[Dataset entries]
+ + + + +

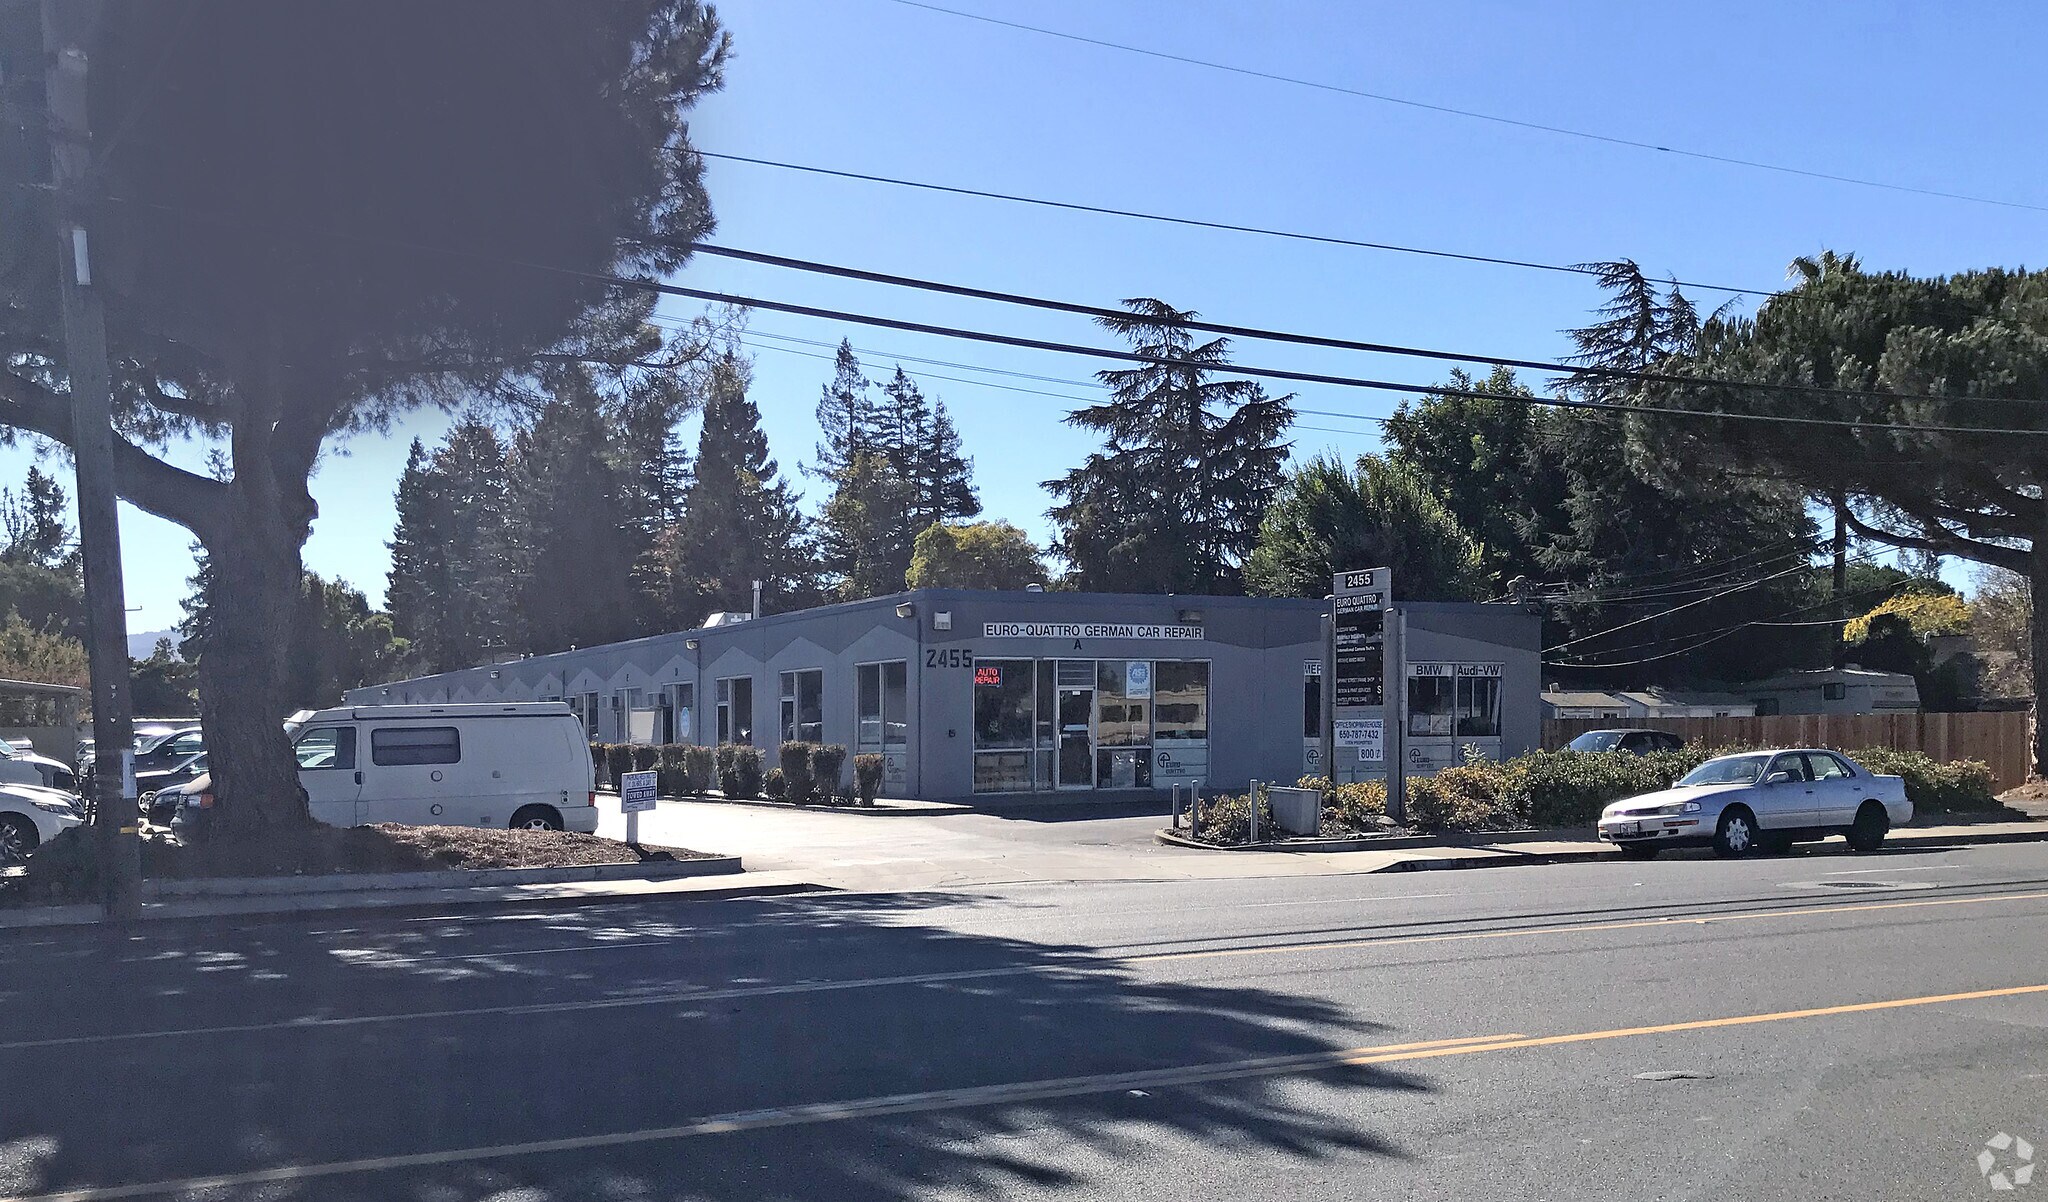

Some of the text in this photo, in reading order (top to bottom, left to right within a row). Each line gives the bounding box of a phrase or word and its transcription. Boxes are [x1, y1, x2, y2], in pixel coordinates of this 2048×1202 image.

[1347, 573, 1371, 587] 2455
[1336, 594, 1377, 608] EURO QUATTRO
[1336, 606, 1354, 614] GERMAN
[1354, 605, 1363, 613] CAR
[986, 624, 1202, 638] EURO-QUATTRO GERMAN CAR REPAIR
[1073, 639, 1082, 650] A
[926, 650, 973, 668] 2455
[977, 668, 998, 676] AUTO
[1416, 666, 1442, 675] BMW
[1457, 665, 1499, 676] Audi-VW
[974, 675, 1000, 685] REPAIR
[1376, 685, 1382, 694] S
[1339, 730, 1379, 739] 650-787-7432
[1361, 749, 1375, 759] 800
[627, 790, 643, 800] TOWED
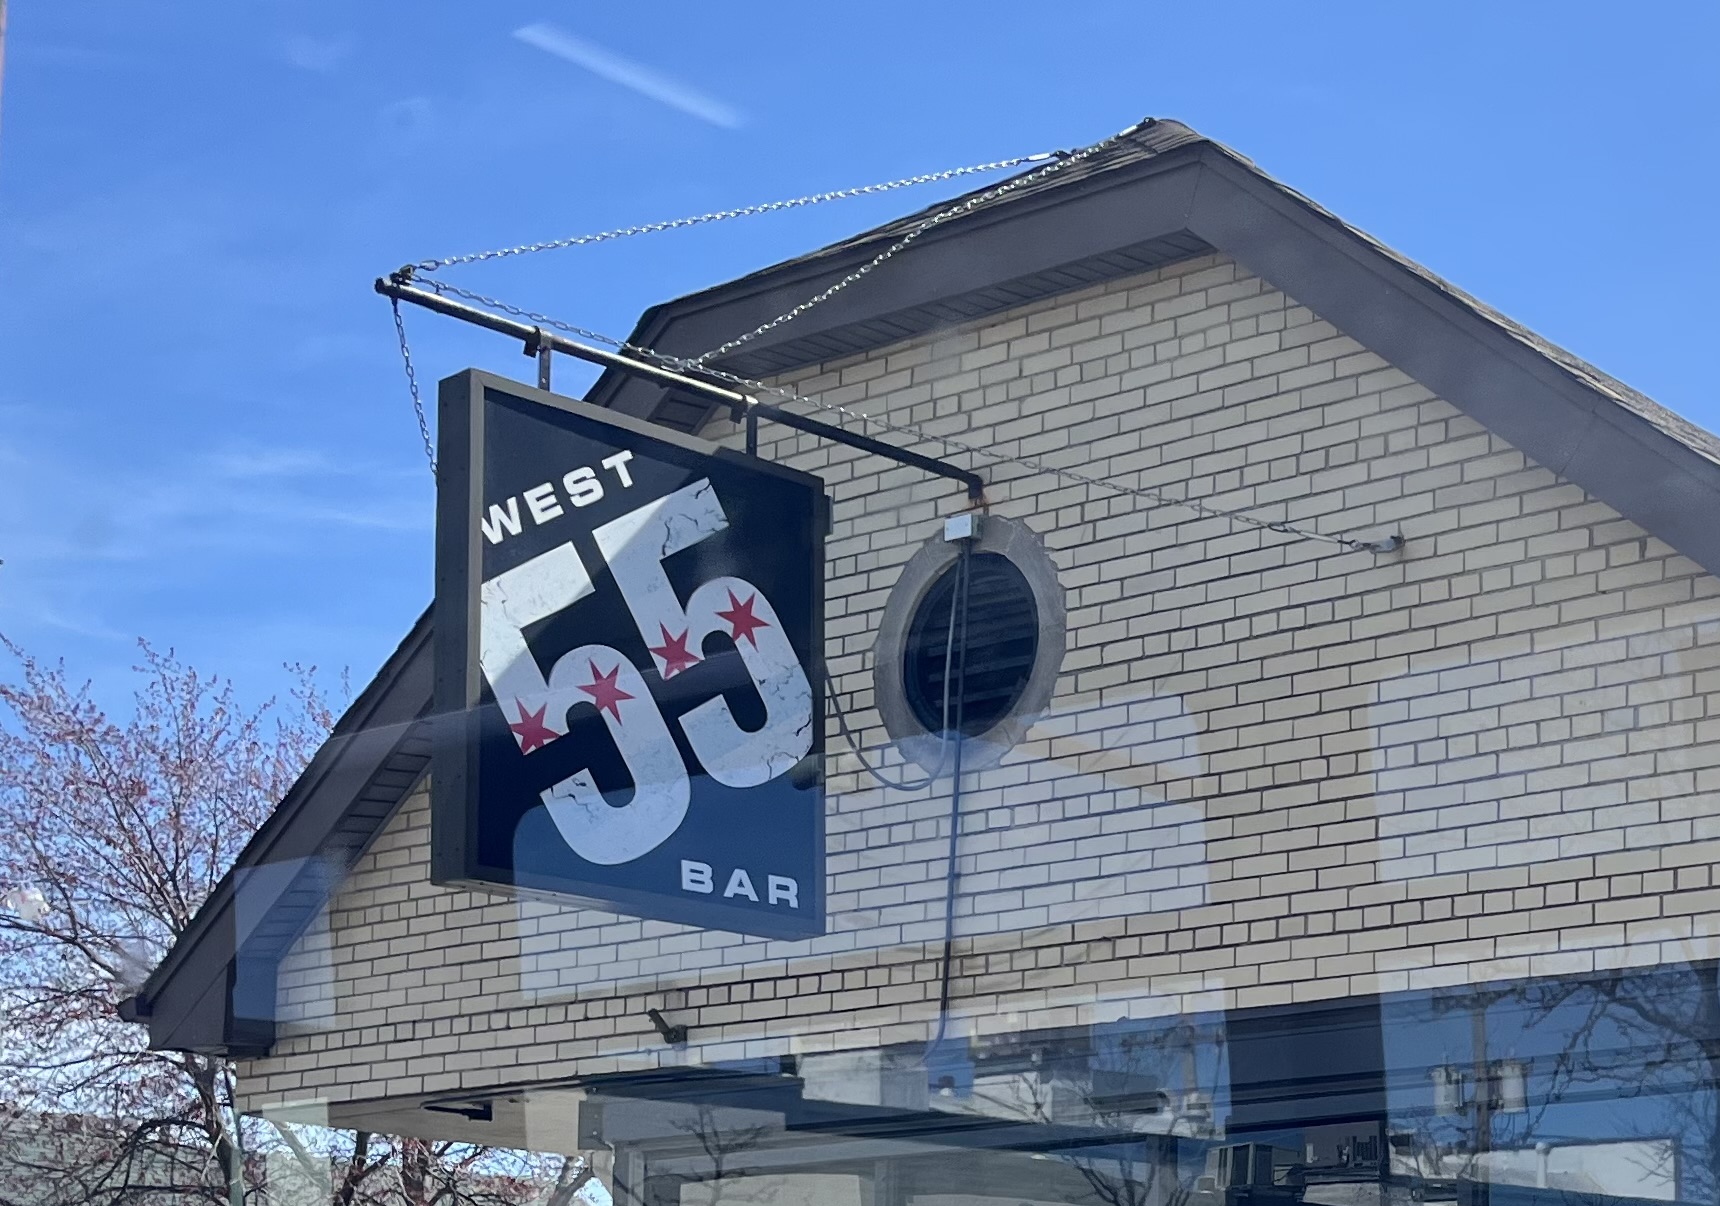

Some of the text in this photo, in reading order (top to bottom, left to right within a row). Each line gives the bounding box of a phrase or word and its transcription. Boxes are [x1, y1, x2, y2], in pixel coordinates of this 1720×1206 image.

+ + + + +

• Work item: Please output every entry above exactly, without the pictures.

• Expected output:
Some of the text in this photo, in reading order (top to bottom, left to right within a row). Each line gives the bounding box of a phrase or word and its transcription. Boxes are [x1, y1, x2, y2], in pixel coordinates of this 2048×1202 image.

[1347, 573, 1371, 587] 2455
[1336, 594, 1377, 608] EURO QUATTRO
[1336, 606, 1354, 614] GERMAN
[1354, 605, 1363, 613] CAR
[986, 624, 1202, 638] EURO-QUATTRO GERMAN CAR REPAIR
[1073, 639, 1082, 650] A
[926, 650, 973, 668] 2455
[977, 668, 998, 676] AUTO
[1416, 666, 1442, 675] BMW
[1457, 665, 1499, 676] Audi-VW
[974, 675, 1000, 685] REPAIR
[1376, 685, 1382, 694] S
[1339, 730, 1379, 739] 650-787-7432
[1361, 749, 1375, 759] 800
[627, 790, 643, 800] TOWED

Some of the text in this photo, in reading order (top to bottom, left to right within a row). Each line gives the bounding box of a phrase or word and its transcription. Boxes are [x1, y1, x2, y2], in pixel coordinates of this 1720×1206 image.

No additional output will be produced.